Oh! And there was another time I wanted to feel the breeze so badly that I woke up and bought a damn bike. A red one, at that. It wasn’t all that cheap, but my logic was simple: I figured that even on those days when the breeze didn’t show, I could create it with my own two legs, you know?
And it was a good plan, because sometimes the only thing I can manage to do is simply put one foot in front of the other. Round and round and round, with my cheeks flap, flap, flapping in the wind the way they do. In those moments, I know I’m making something out of nothing… just like an alchemist, I guess. All we can ever do is our best.
And then was yet another time I wanted to feel the breeze so damn bad that I let my sun roof back, rolled the windows down, and threw on some music to take the long way home. It turns out the breeze had more rhythm than me! Not sure why I was surprised, really. My thoughts, the loudest one-man band in the land on any other occasion, became but shrinking violets in the presence of that breeze. “Now that’s alchemy”, I thought to myself.

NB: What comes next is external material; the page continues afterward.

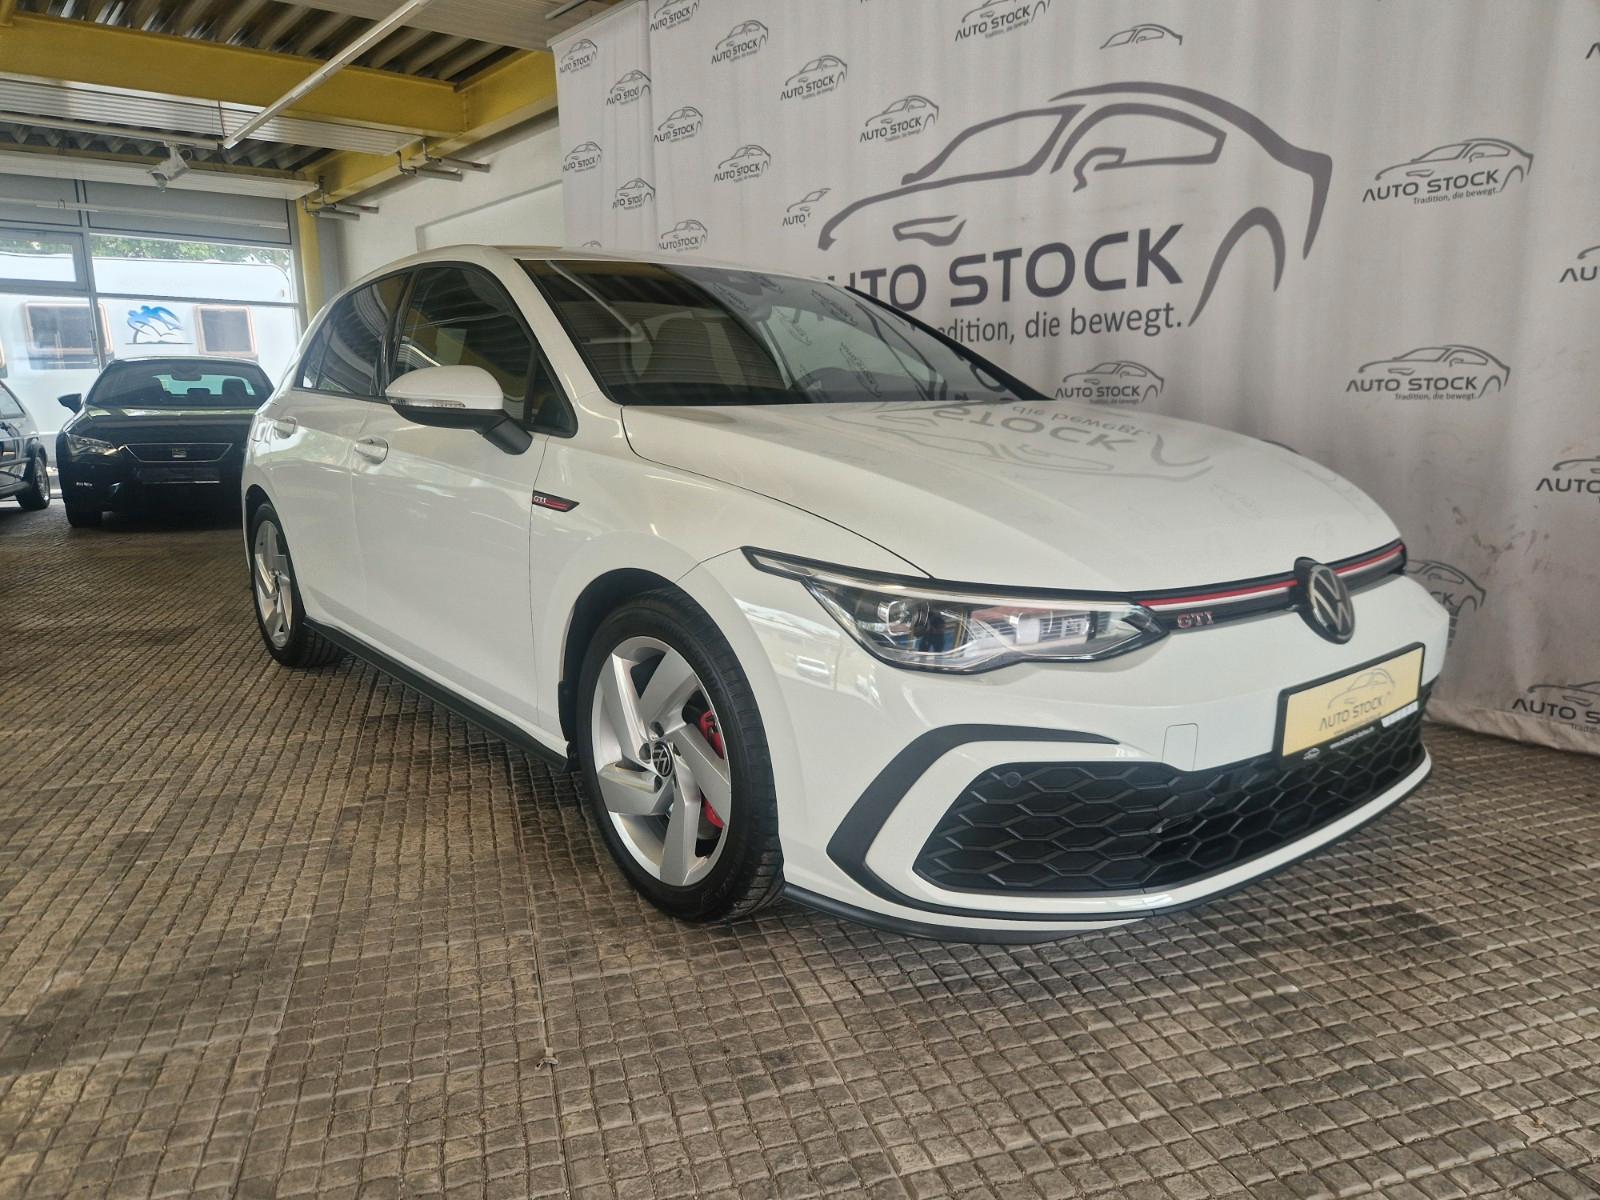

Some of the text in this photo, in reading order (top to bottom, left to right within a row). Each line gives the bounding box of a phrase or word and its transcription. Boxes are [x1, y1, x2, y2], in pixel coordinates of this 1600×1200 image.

I stuck my fingers out the window and watched them get to flap, flap, flapping the way they do and I couldn’t help but smile. And as I leaned in, I was reminded of that one boy from that one book who turned into the breeze his damn self.
Actually, I once knew a man named Breeze. And he loved that one book. In fact, I still know a man named Breeze, and he still loves that one book. My only guess is that it makes him feel alive too.
Now, where was I?
Oh yeah… there was this other time I wanted to feel the breeze so bad, I cracked my bedroom window before I fell asleep. Just as cool as I was warm, I was whisked into a mid-summer night’s dream, far sweeter than anything Shakespeare could have ever written. Well, at least to me.
I fell asleep to my curtains’ hypnosis; they were flap, flap, flapping the way they do as I thought about my day; my life. And because anything that is not moving is simply not alive, I woke up and repeated this all over again, walking, pedaling, riding and sleeping — each day more fluid than the last. Finding life, embracing it, harnessing it, and truly feeling — you know what I mean?
Maybe we could all learn a little more from the breeze. And though I don’t know much of nothing myself, I do know that the breeze is the best part of the day. Today, yesterday, or any day. Okay? Okay.